SUPPLIED RECORDS:
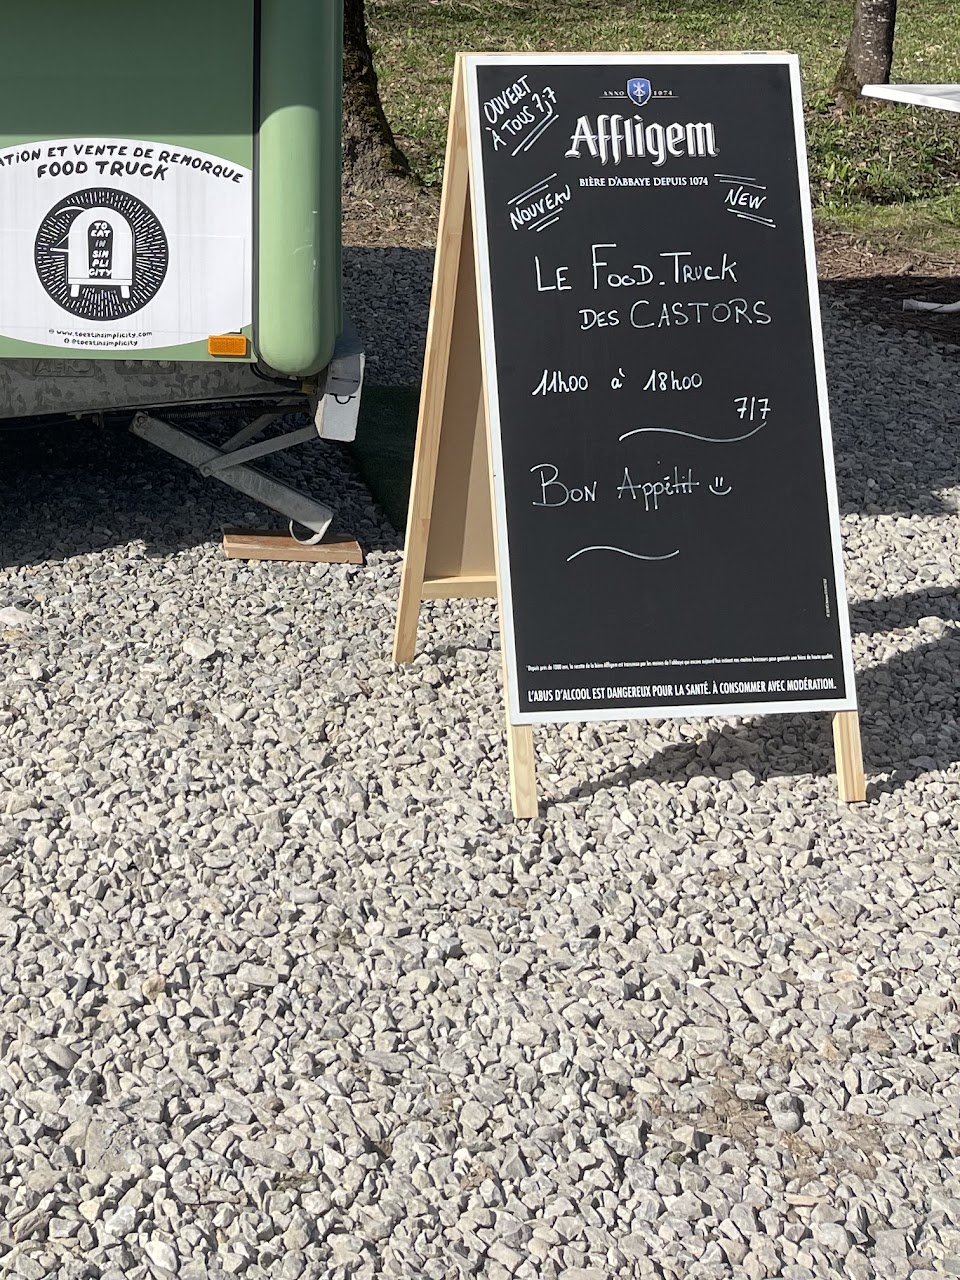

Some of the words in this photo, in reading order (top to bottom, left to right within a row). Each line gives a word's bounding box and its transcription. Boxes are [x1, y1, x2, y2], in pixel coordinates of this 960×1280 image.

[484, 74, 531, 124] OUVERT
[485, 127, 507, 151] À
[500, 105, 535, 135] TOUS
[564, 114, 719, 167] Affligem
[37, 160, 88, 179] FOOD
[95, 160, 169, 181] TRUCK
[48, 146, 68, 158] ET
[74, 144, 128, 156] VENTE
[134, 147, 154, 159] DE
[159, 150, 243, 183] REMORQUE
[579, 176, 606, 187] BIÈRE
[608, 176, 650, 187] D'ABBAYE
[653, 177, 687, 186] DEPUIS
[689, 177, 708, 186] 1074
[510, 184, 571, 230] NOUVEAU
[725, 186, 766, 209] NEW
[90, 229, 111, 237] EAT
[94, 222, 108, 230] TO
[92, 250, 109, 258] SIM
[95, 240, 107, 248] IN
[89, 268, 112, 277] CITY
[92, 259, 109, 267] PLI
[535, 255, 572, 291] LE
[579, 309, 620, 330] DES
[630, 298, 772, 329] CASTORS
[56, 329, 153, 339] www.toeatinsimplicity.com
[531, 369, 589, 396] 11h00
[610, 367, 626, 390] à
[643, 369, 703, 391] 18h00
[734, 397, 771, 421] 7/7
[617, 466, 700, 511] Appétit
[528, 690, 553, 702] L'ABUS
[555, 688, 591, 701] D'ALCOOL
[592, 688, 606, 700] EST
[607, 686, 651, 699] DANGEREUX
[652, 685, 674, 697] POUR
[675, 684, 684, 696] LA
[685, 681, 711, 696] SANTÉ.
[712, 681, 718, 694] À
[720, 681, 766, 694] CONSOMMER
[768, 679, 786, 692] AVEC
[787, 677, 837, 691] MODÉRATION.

TASK PROMPT: Transcribe all of the lines above exactly as given. The pictures stay out.

YOUR RESPONSE:
Some of the words in this photo, in reading order (top to bottom, left to right within a row). Each line gives a word's bounding box and its transcription. Boxes are [x1, y1, x2, y2], in pixel coordinates of this 960×1280 image.

[484, 74, 531, 124] OUVERT
[485, 127, 507, 151] À
[500, 105, 535, 135] TOUS
[564, 114, 719, 167] Affligem
[37, 160, 88, 179] FOOD
[95, 160, 169, 181] TRUCK
[48, 146, 68, 158] ET
[74, 144, 128, 156] VENTE
[134, 147, 154, 159] DE
[159, 150, 243, 183] REMORQUE
[579, 176, 606, 187] BIÈRE
[608, 176, 650, 187] D'ABBAYE
[653, 177, 687, 186] DEPUIS
[689, 177, 708, 186] 1074
[510, 184, 571, 230] NOUVEAU
[725, 186, 766, 209] NEW
[90, 229, 111, 237] EAT
[94, 222, 108, 230] TO
[92, 250, 109, 258] SIM
[95, 240, 107, 248] IN
[89, 268, 112, 277] CITY
[92, 259, 109, 267] PLI
[535, 255, 572, 291] LE
[579, 309, 620, 330] DES
[630, 298, 772, 329] CASTORS
[56, 329, 153, 339] www.toeatinsimplicity.com
[531, 369, 589, 396] 11h00
[610, 367, 626, 390] à
[643, 369, 703, 391] 18h00
[734, 397, 771, 421] 7/7
[617, 466, 700, 511] Appétit
[528, 690, 553, 702] L'ABUS
[555, 688, 591, 701] D'ALCOOL
[592, 688, 606, 700] EST
[607, 686, 651, 699] DANGEREUX
[652, 685, 674, 697] POUR
[675, 684, 684, 696] LA
[685, 681, 711, 696] SANTÉ.
[712, 681, 718, 694] À
[720, 681, 766, 694] CONSOMMER
[768, 679, 786, 692] AVEC
[787, 677, 837, 691] MODÉRATION.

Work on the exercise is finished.